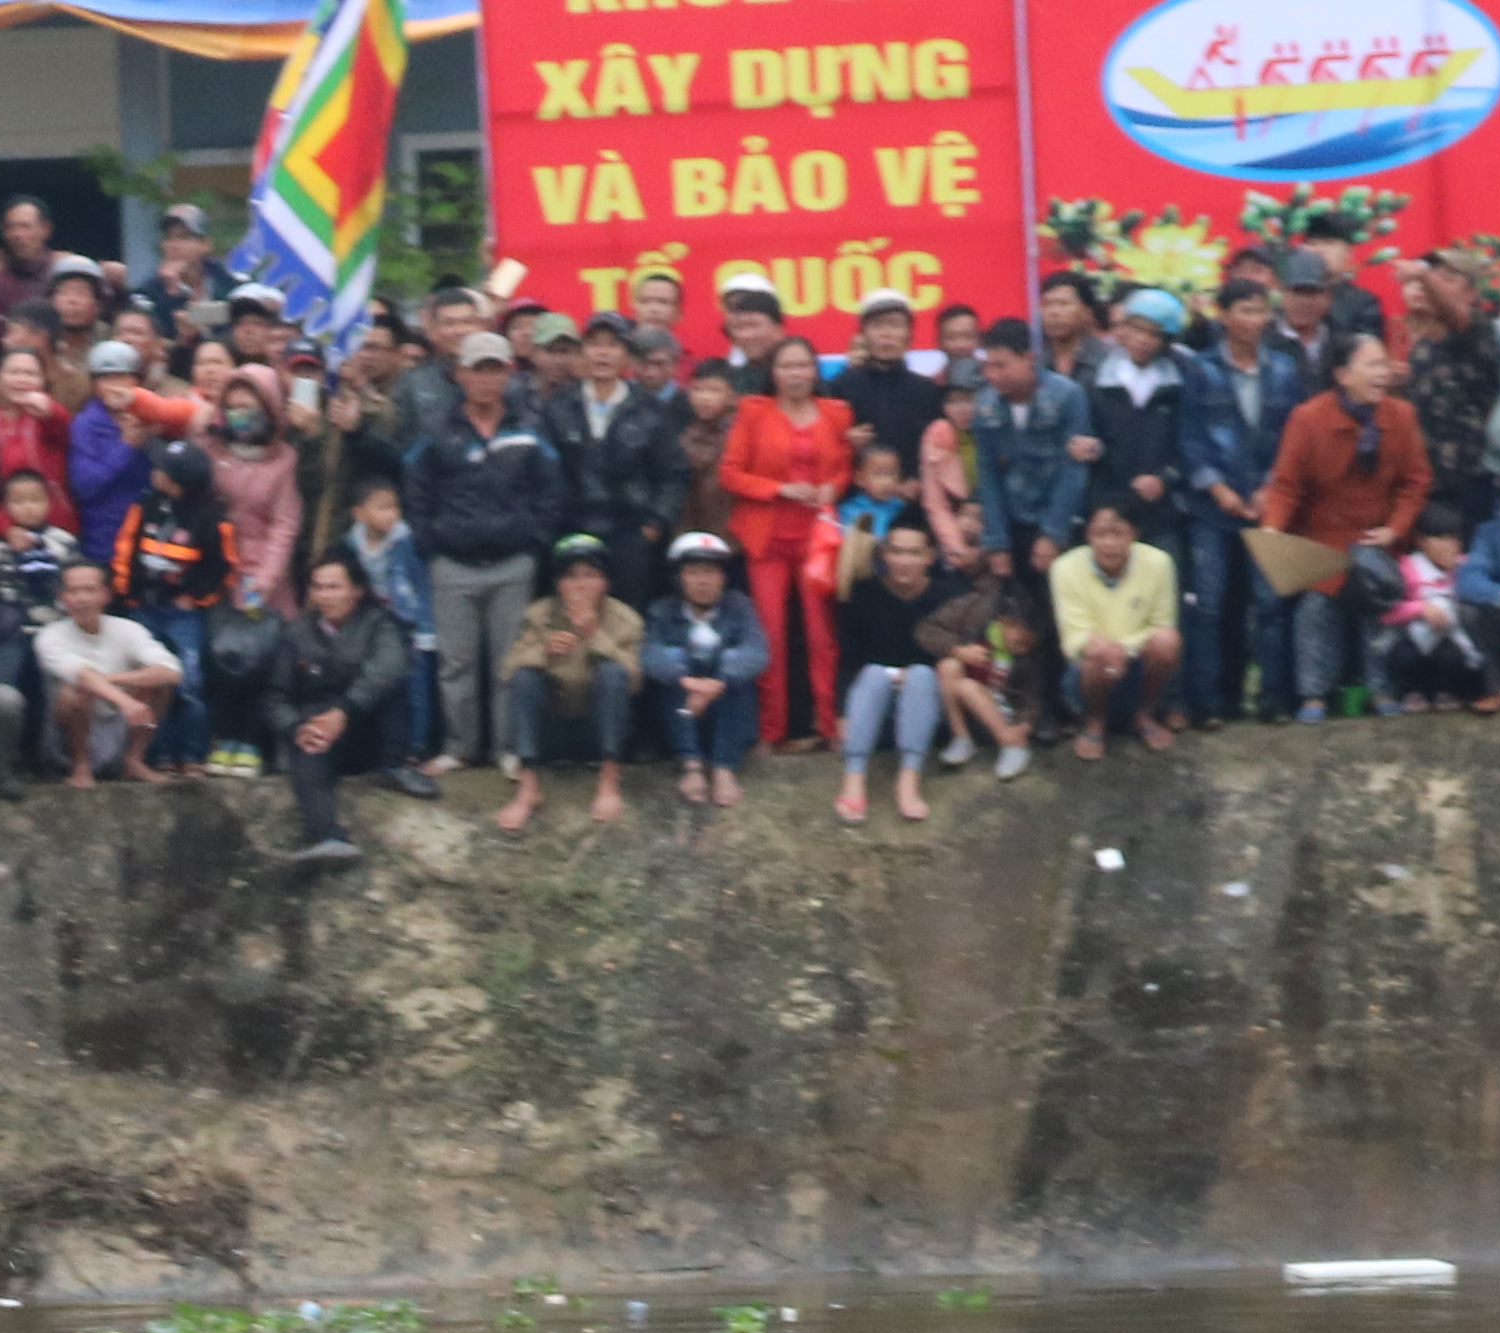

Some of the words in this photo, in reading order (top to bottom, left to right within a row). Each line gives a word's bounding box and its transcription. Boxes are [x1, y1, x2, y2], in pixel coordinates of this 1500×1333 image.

[534, 43, 701, 120] XÂY
[728, 38, 971, 118] DỰNG
[531, 149, 646, 225] VÀ
[671, 135, 848, 217] BẢO
[874, 130, 982, 217] VỆ
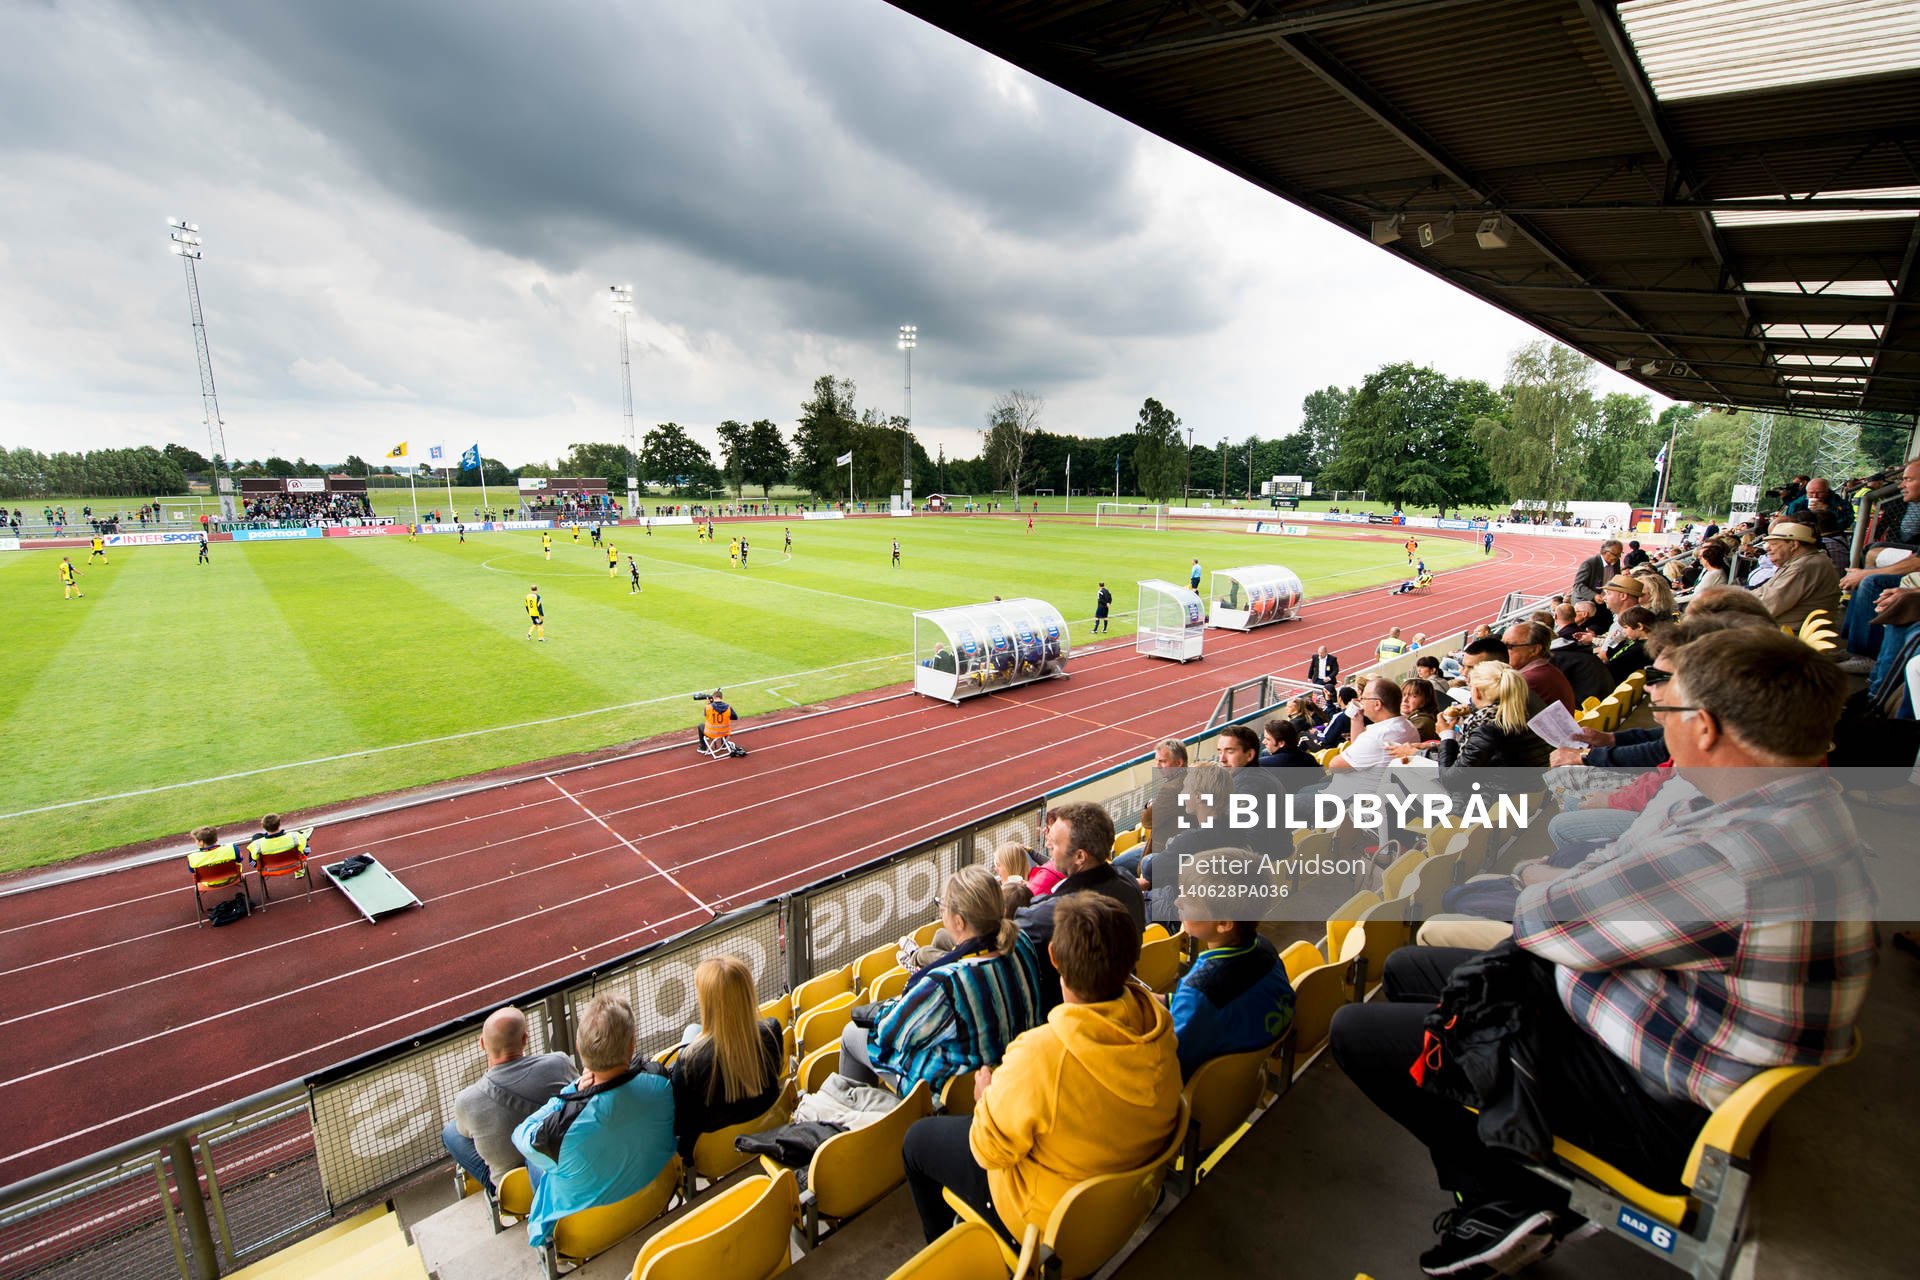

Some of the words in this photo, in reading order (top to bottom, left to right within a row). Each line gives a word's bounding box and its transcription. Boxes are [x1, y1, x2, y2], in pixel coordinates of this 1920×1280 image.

_ _ _ _ _ _ _

Required work
Print the material again word for word. Please drop every picture.

Answer space
Some of the words in this photo, in reading order (top to bottom, left to right within a row). Each line gives a word's bounding box and its transcription. Boxes are [x1, y1, x2, y2], in pixel coordinates of this 1500×1333 image.

[534, 43, 701, 120] XÂY
[728, 38, 971, 118] DỰNG
[531, 149, 646, 225] VÀ
[671, 135, 848, 217] BẢO
[874, 130, 982, 217] VỆ

Some of the words in this photo, in reading order (top to bottom, left to right within a row). Each line gives a word's bounding box and its transcription. Boxes are [x1, y1, x2, y2], in pixel coordinates of this 1920×1280 image.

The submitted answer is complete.